Le Papy et la boulimie du pouvoir

A un an de la présidentielle, ça bouge déjà dans le landerneau politique en Algérie. Pas qu’un de ces hommes politiques du sérail ou de l’opposition soit sorti du bois pour se porter officiellement candidat à la succession du président Bouteflika, cloué par l’âge et la maladie dans un fauteuil roulant, mais bien parce qu’il y a comme une frénésie qui s’est emparée depuis quelques jours, de ses proches quant à une éventuelle candidature du « Papy» à sa propre succession. Et les appels du pied de certains proches collaborateurs et pas des moindres de l’homme fort d’Alger, sont autant de signes qui ne trompent pas sur la probabilité que ce dernier briguera un…cinquième mandat. En effet, pas plus tard que le week-end dernier, le Premier ministre, Ahmed Ouyahia, déclarait à la presse : « Je serai content si le président se représente en 2019 ».

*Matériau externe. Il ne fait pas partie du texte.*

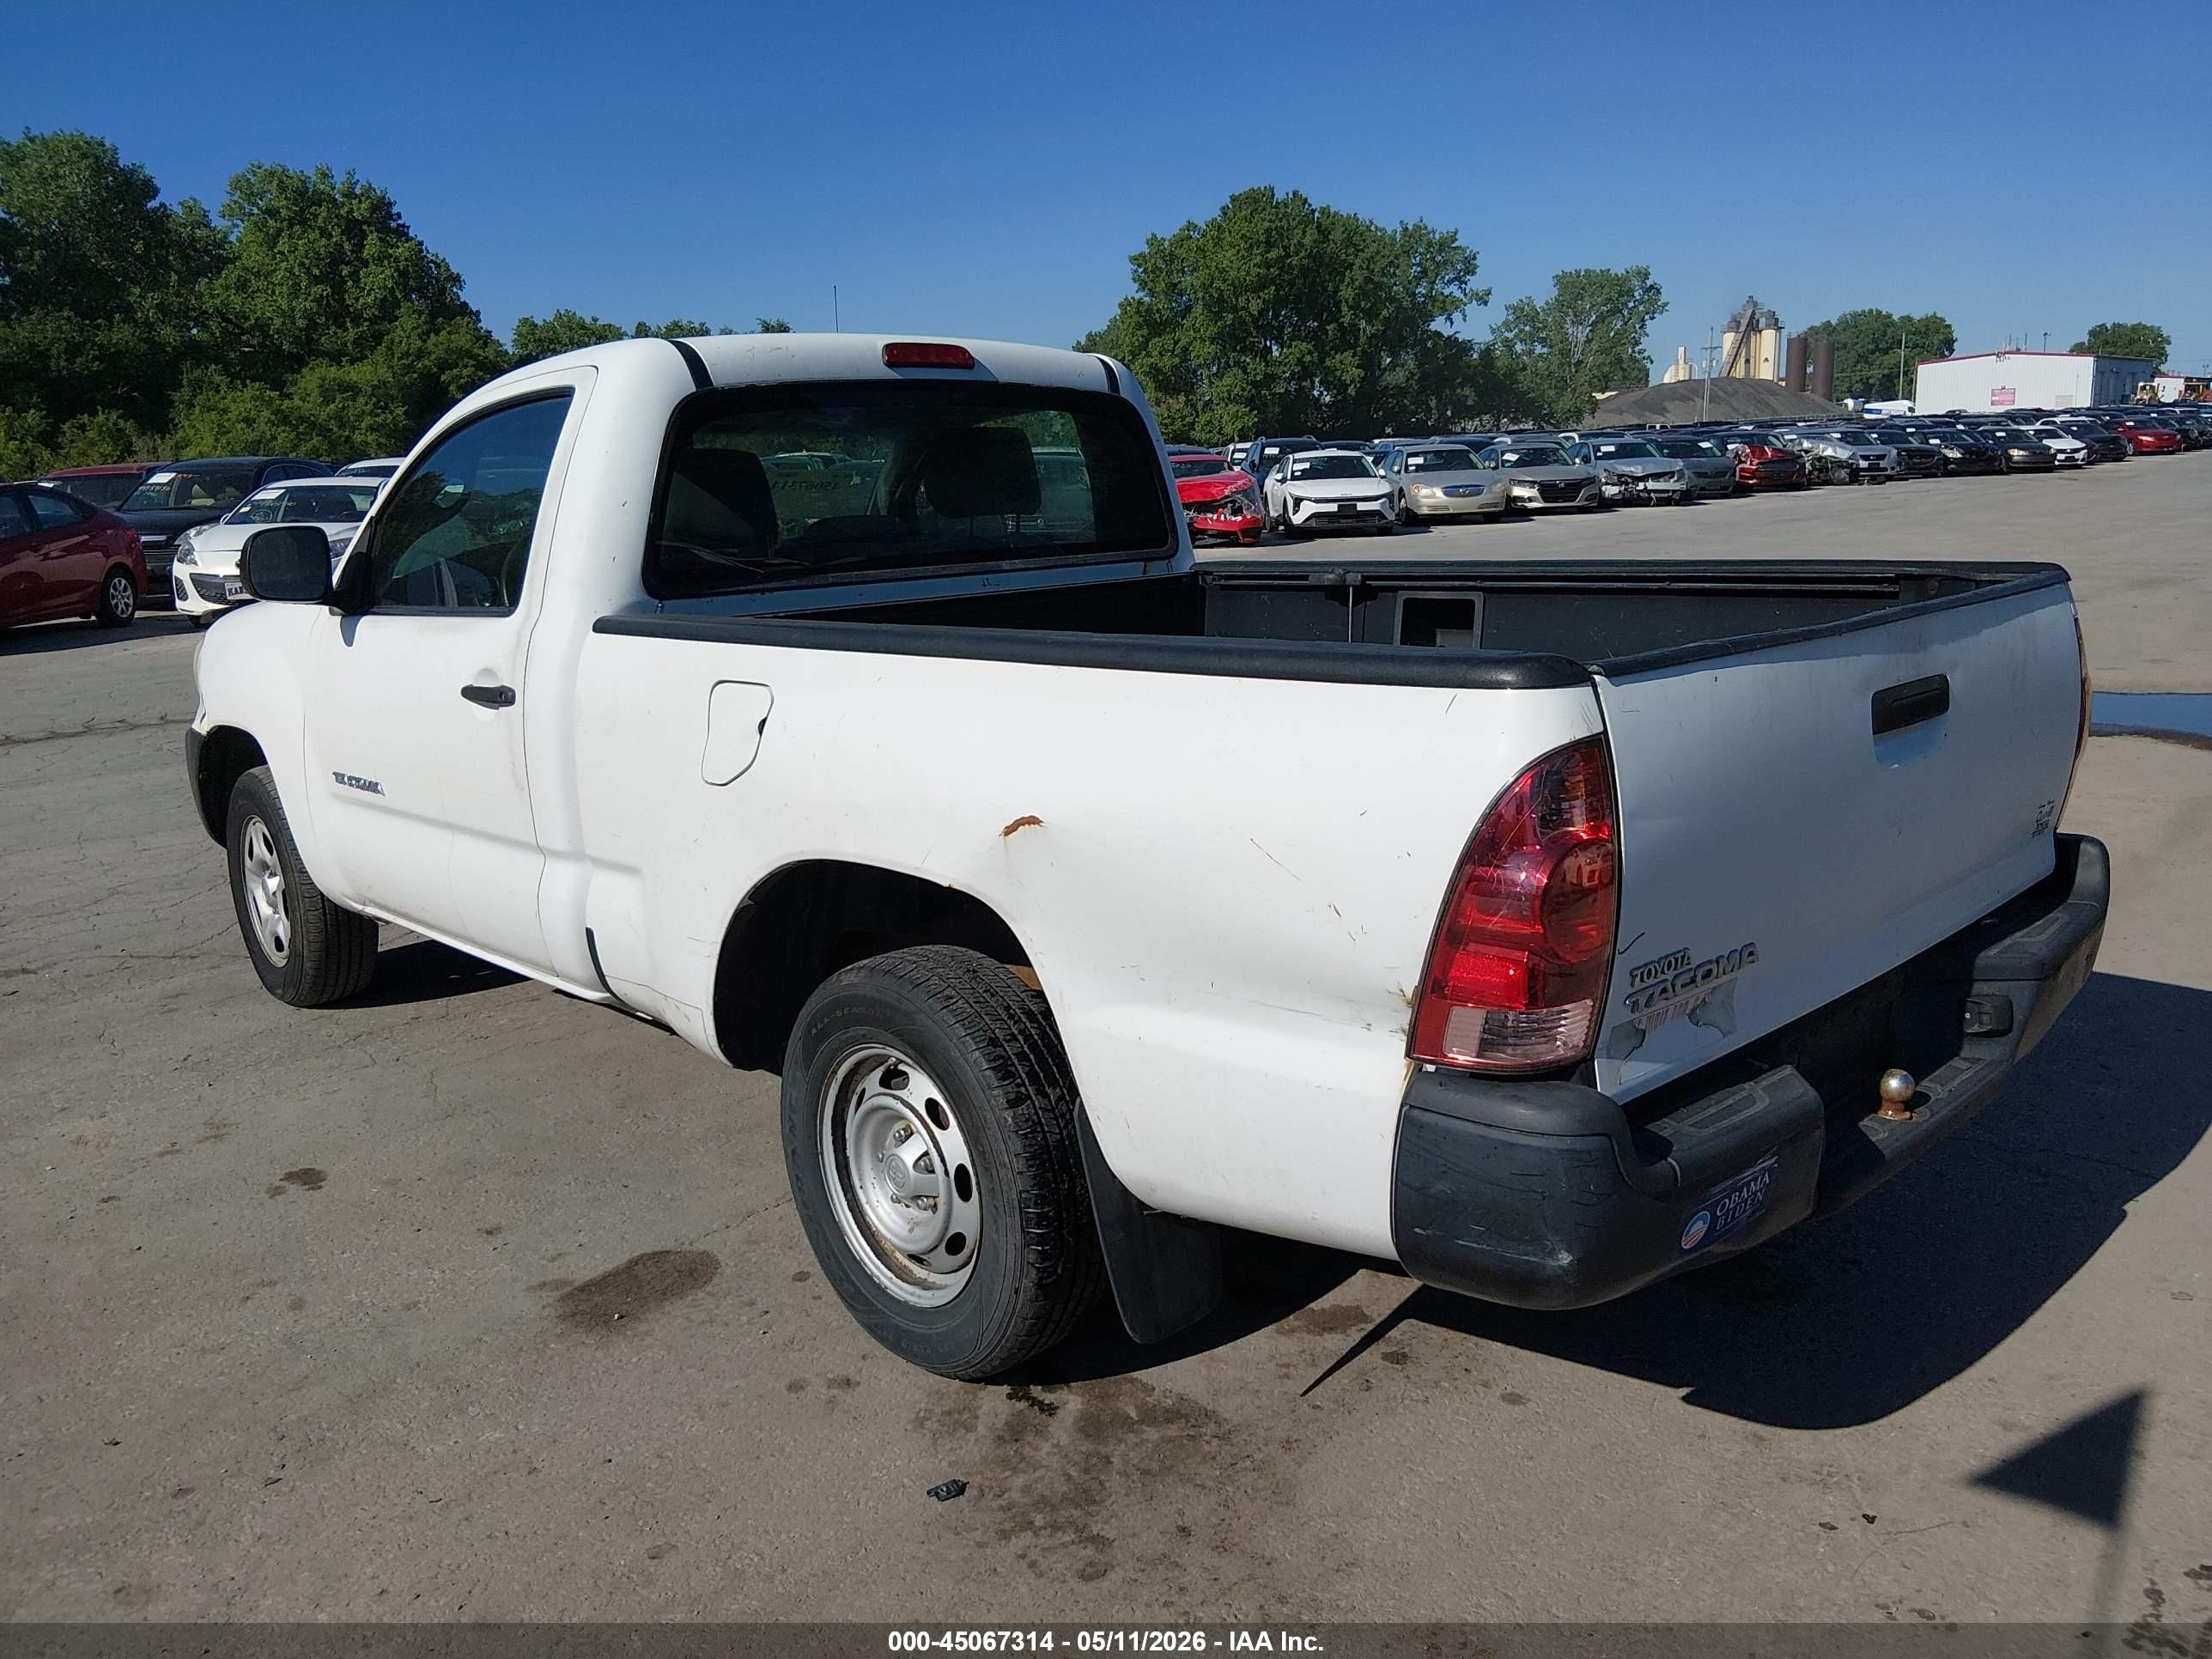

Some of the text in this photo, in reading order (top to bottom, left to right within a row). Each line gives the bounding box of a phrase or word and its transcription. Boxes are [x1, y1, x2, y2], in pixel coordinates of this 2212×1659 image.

Même diminué physiquement par l’âge et affaibli par la maladie,   Bouteflika reste le maître du jeu en Algérie

Quelques semaines plus tôt, ce sont les comités de soutiens au maître d’Alger, qui dépoussiéraient  leurs tambours pour les faire retentir au son de la demande d’un cinquième mandat pour le chef de l’Etat.  Preuve, si besoin en était encore, que même diminué physiquement par l’âge et affaibli par la maladie, Abdel Aziz Bouteflika reste le maître du jeu en Algérie. Et tout porte à croire qu’ils ne sont pas nombreux, les candidats à croire en leurs chances dans une opposition à lui, dans les urnes. Surtout pas dans son propre camp où la question de sa succession semble quelque peu taboue. Autrement, comment comprendre qu’à 81 ans, on lui demande de rester encore et encore au pouvoir, alors même qu’il peine véritablement à tenir debout ? C’est à se demander si ceux qui rêvent de voir  Bouteflika continuer à diriger le pays dans les circonstances actuelles, l’aiment vraiment. Car, on aurait compris qu’eu égard à sa santé fragile et chancelante, on lui demandât poliment de faire valoir ses droits à la retraite pour un repos mérité, afin qu’il pense enfin à bien se soigner. Mais là, on lui demande de continuer le combat en fauteuil roulant. A moins que ce ne soit le chef de l’Etat qui ait parlé par la bouche de son Premier ministre, comme l’on a coutume de le voir sous nos tropiques. En tout cas, même si l’intéressé lui-même n’a pipé mot sur la question, l’on est suffisamment coutumier du fait dans les pays du Gondwana, pour ne pas succomber à la tentation de croire que les paroles du Premier ministre trahissent la pensée du président de la République. C’est pourquoi  l’on est porté à croire qu’il ne déplairait pas à « Papy » Boutef himself, de continuer à diriger l’Algérie. De là à penser que c’est lui-même qui ne veut pas lâcher « la chose », il y a un pas que certains ont vite franchi. Autrement, il aurait pu briser le silence et fixer ses compatriotes sur la question, au lieu de laisser libre cours aux conjectures et autres supputations, comme aiment à le faire les satrapes du continent qui ne rêvent que de pouvoir à vie, en attendant le moment opportun pour tomber le masque. Bouteflika est-il dans la même logique ? L’on attend de voir.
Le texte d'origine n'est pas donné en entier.